In this country, Opening Day of the Major League Baseball season is more likely to be considered the start of spring than the vernal equinox that precedes it by two weeks each year.
However, as committed baseball fans surely know, the start of the season does not mandate the start of the warm season. In fact, though no definitive record of the total number of Major League games postponed by snow exists, quite a number of opening weeks have experienced widespread disruption as a result of early season snow.
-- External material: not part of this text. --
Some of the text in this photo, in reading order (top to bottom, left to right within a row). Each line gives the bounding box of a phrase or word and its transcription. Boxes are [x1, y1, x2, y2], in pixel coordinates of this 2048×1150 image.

Most recently, opening weeks in 2007 and 2013 were plagued by numerous cancellations across both leagues.
One of the more colorful examples of snow in the early season occurred in 1907 when the Philadelphia Phillies traveled to New York’s Polo Grounds to begin the season against the hometown Giants.
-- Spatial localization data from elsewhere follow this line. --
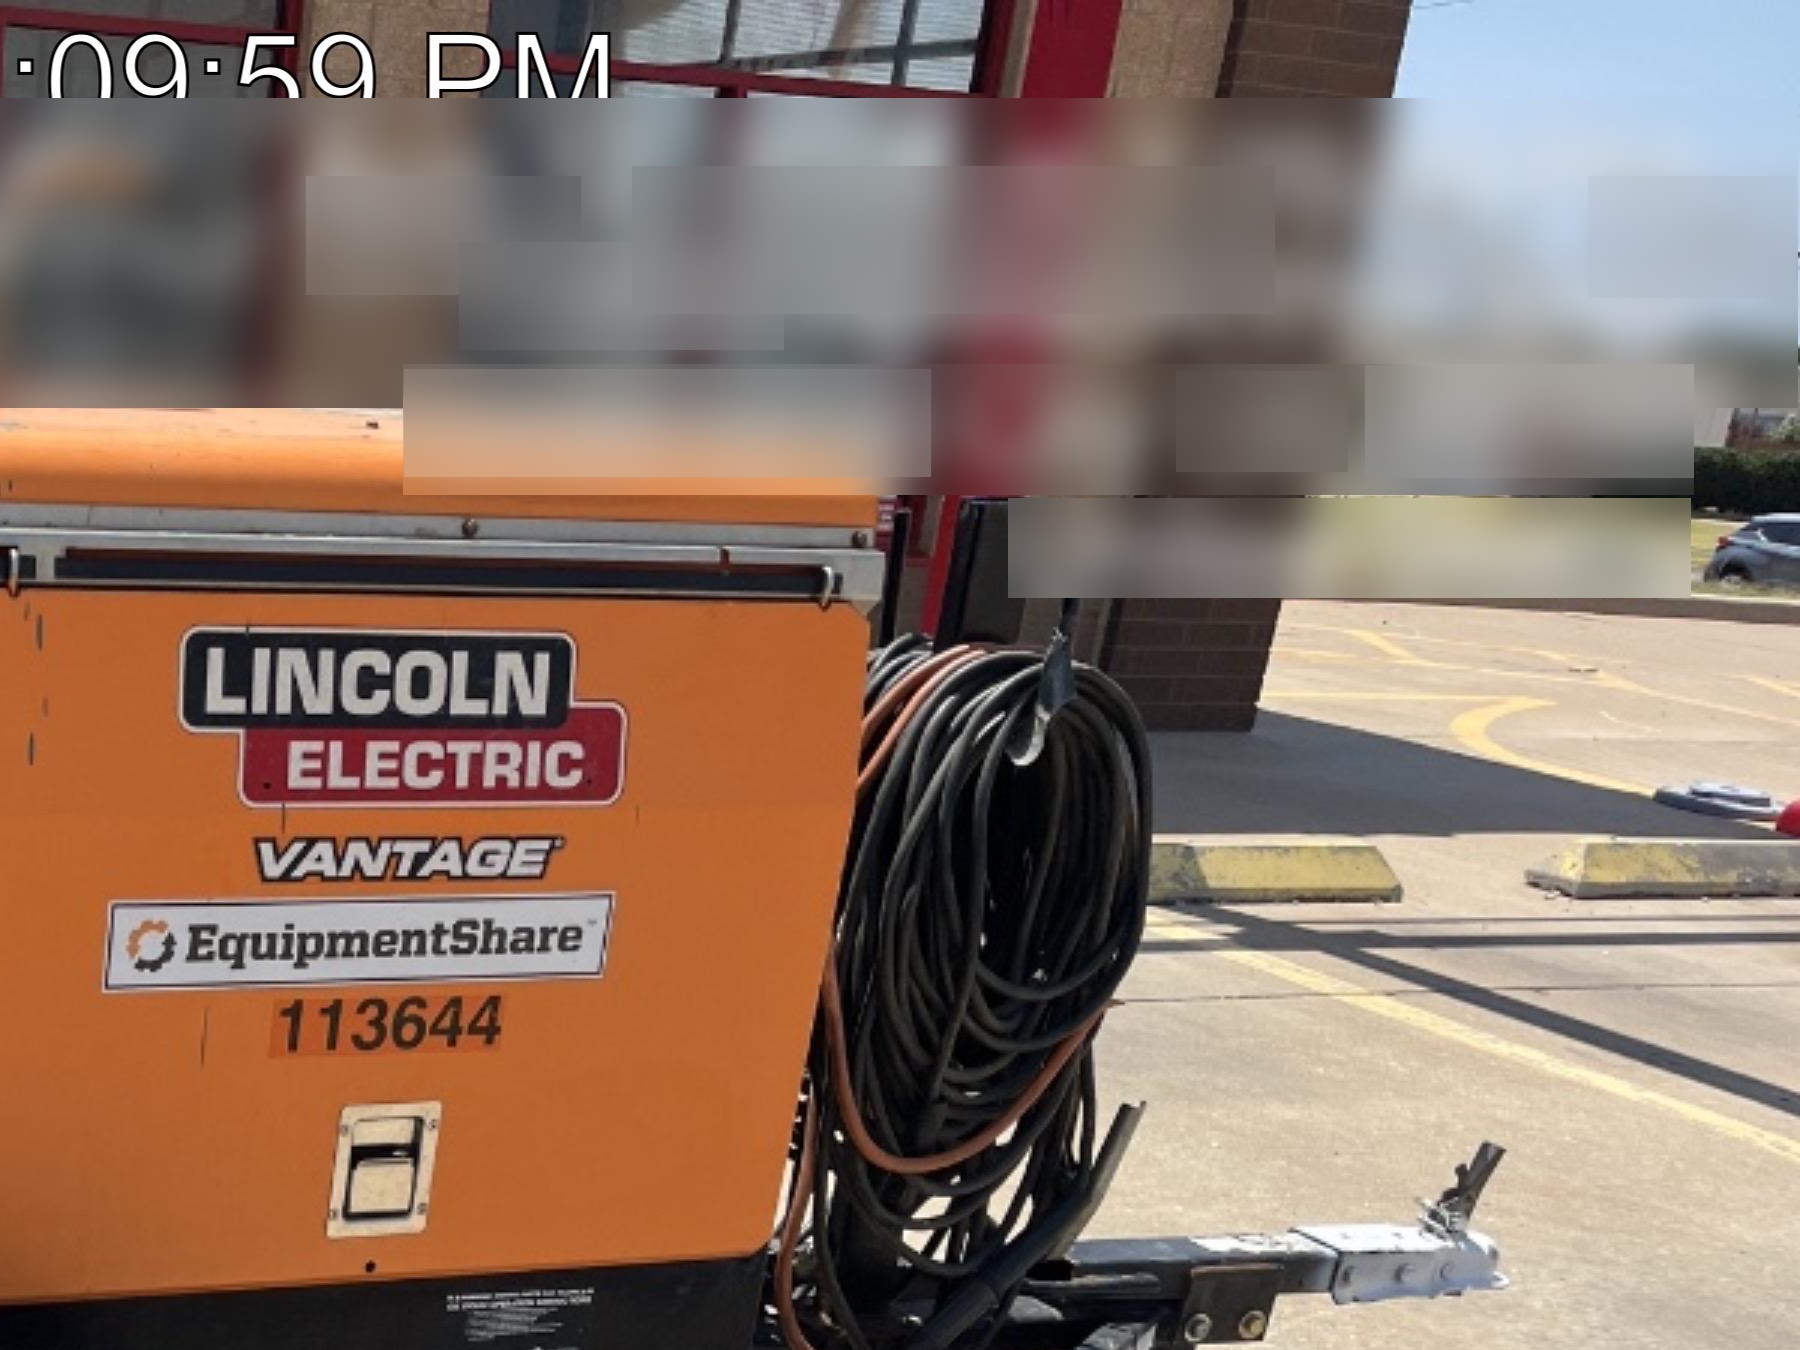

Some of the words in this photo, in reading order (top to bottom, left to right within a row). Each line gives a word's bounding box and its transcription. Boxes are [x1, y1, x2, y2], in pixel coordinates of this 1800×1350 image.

[204, 646, 551, 717] LINCOLN
[286, 739, 586, 791] ELECTRIC
[253, 835, 556, 882] VANTAGE
[185, 918, 584, 970] EquipmentShare
[278, 995, 504, 1054] 113644
Opening Day was the day after a major snowstorm, and groundskeepers had been forced to shovel large drifts of snow onto the outer edges of the field. After seeing their team fall behind 3-0, disgruntled Giants fans began throwing snowballs onto the field. These first volleys quickly became a full-fledged snowball fight. Before long, home plate umpire Bill Klem was struck in the head by a snowball and immediately called a forfeit in favor of the Phillies.
The threat of snow during the opening week of the season seems minimal this year, though it is almost certain a few cold days and nights will greet the first few weeks of the season in Milwaukee as easterly winds off Lake Michigan can be bone-chilling right through late May.